Blessed Virgin of Pompeii Church

Click the image to learn more. Prior to its razing in 1967, the Blessed Virgin of Pompeii was an institution central to Milwaukee's Italian community and a popular landmark because of its colorful exterior.

In the aftermath of Milwaukee’s most devastating fire in history in late October 1892, significant portions of the Third Ward’s Irish population migrated west toward the Tory Hill and Merrill Park neighborhoods. Replacing this first wave of immigrants was a second contingent, generally from Italy and more particularly from Sicily. Their numbers grew steadily, from several hundred in the late 1880s to just under five thousand by 1910.[1] At first served by a Catholic mission supported by parishioners from St. John’s Cathedral, these newcomers sought their own ethnic church, staffed by priests who spoke their language and understood their culture. Fundraising among this working-class population did not go easily, but by Christmas Day 1904, a “simple brick structure…[that] seated only 200 congregants…[but whose] interior was a veritable pantheon of popular religious figures, frescoes, and ornamental plasterwork” opened.[2] Blessed Virgin of Pompeii Church (known among locals as the “Little Pink Church” because of the distinctive paint shade that eventually coated its exterior) maintained a spiritual and cultural vitality that rallied Milwaukee Italians for decades until the church’s last Mass on July 30, 1967, when it was forced to close to make way for the I-794 freeway.
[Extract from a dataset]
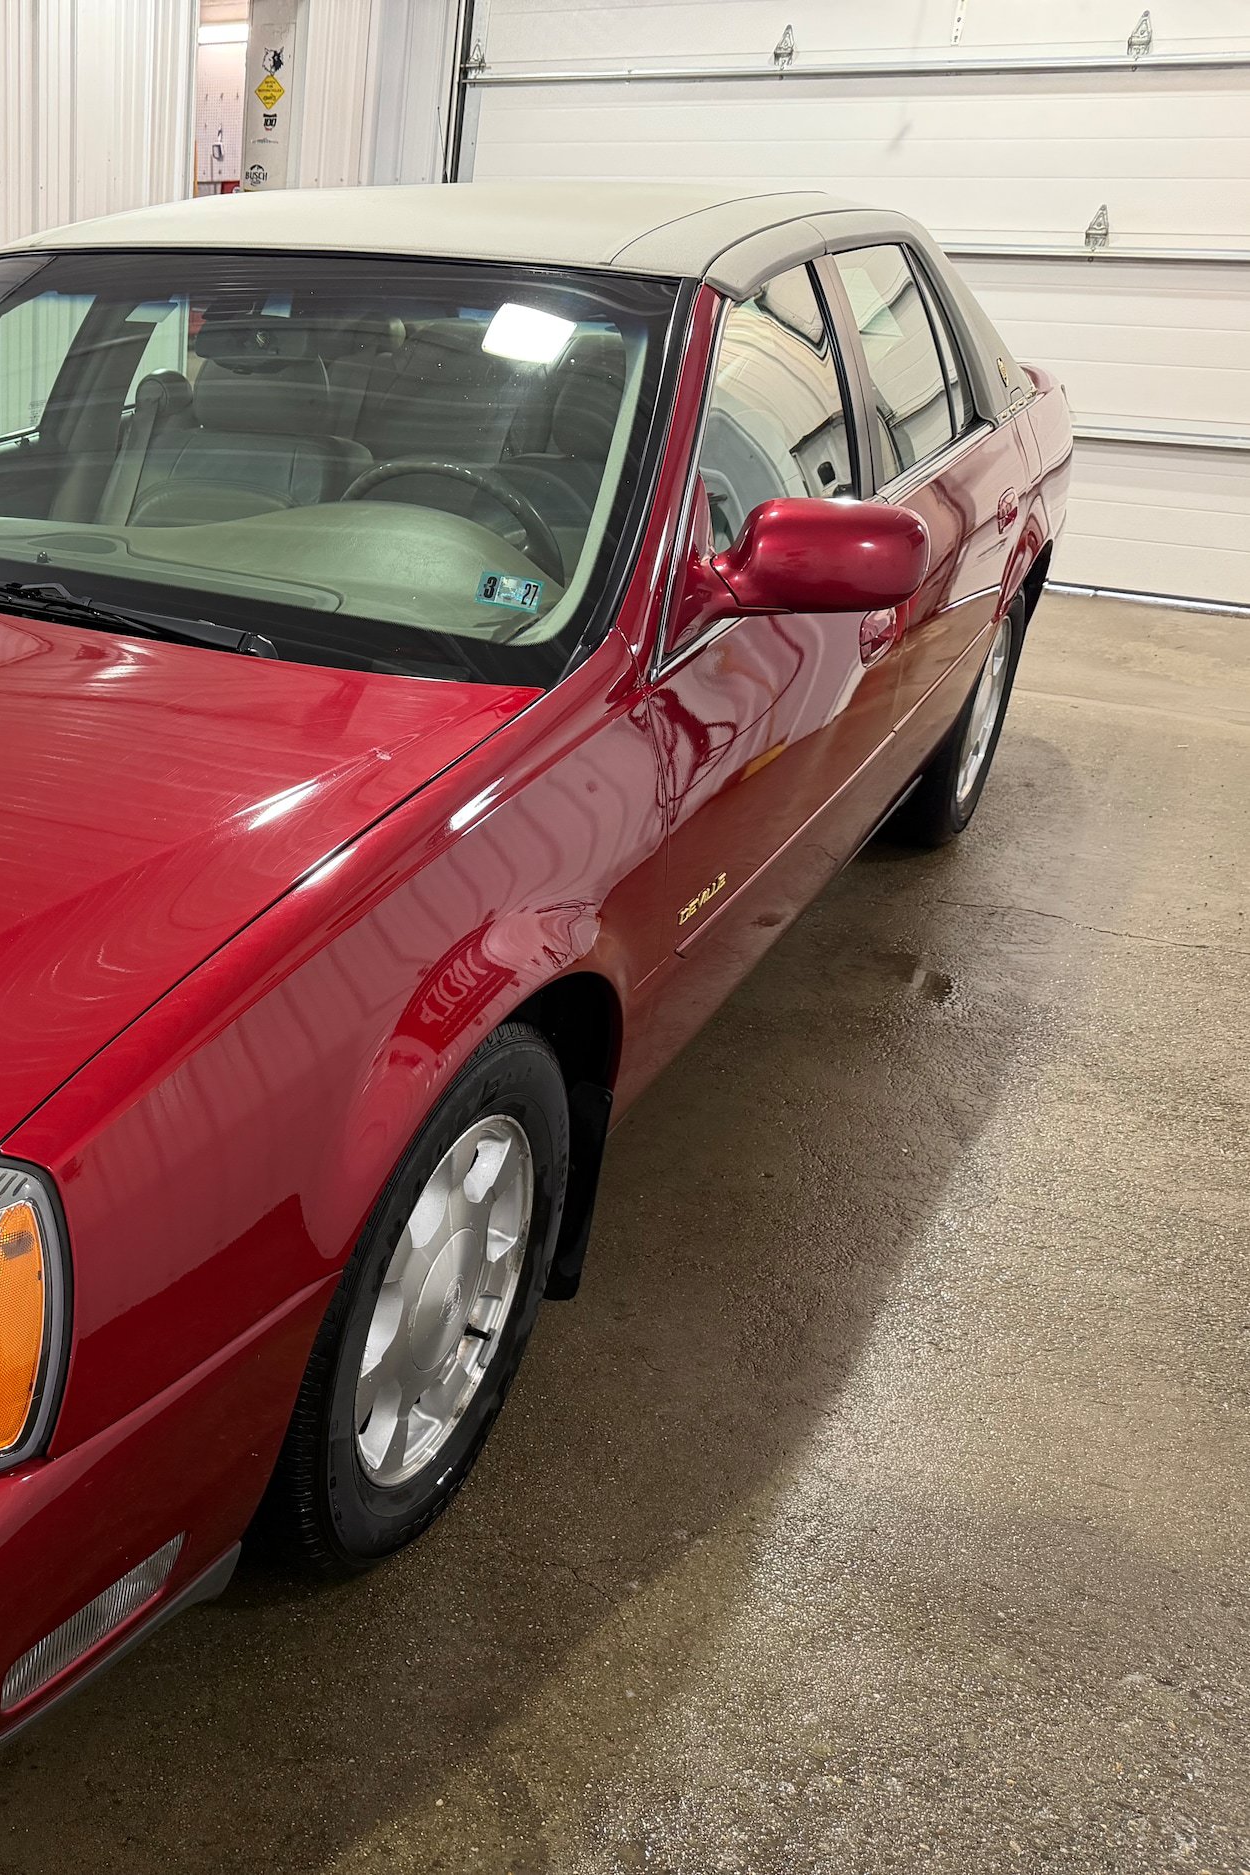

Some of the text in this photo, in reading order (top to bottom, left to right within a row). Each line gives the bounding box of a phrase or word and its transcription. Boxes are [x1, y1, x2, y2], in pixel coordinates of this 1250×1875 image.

[245, 171, 268, 181] BUSCH
[483, 576, 539, 608] 3 27
The church’s memory lives on through the activities of the Italian Community Center and in the remnants of the church’s artifacts that found their way into individual homes and at St. Rita’s Parish.[3]

Footnotes [+]

  1. ^ Steven M. Avella, In the Richness of the Earth (Milwaukee: Marquette University Press, 2002), 240.
  2. ^ Avella, In the Richness of the Earth, 241-44; John Gurda, “The Church and the Neighborhood,” in Milwaukee Catholicism, Steven M. Avella, ed. (Milwaukee: Knights of Columbus, 1991), 13-16.
  3. ^ Gurda, “The Church and the Neighborhood,” 20-21; Avella, In the Richness of the Earth, 246-47, 486; Steven M. Avella, Confidence and Crisis (Milwaukee: Marquette University Press, 2014), 253; Milwaukee Journal Sentinel, April 25, 2017.

For Further Reading

Avella, Steven M. In the Richness of the Earth. Milwaukee: Marquette University Press, 2002.

Gurda, John. “The Church and the Neighborhood.” In Milwaukee Catholicism, edited by Steven M. Avella, 1-34. Milwaukee: Knights of Columbus, 1991.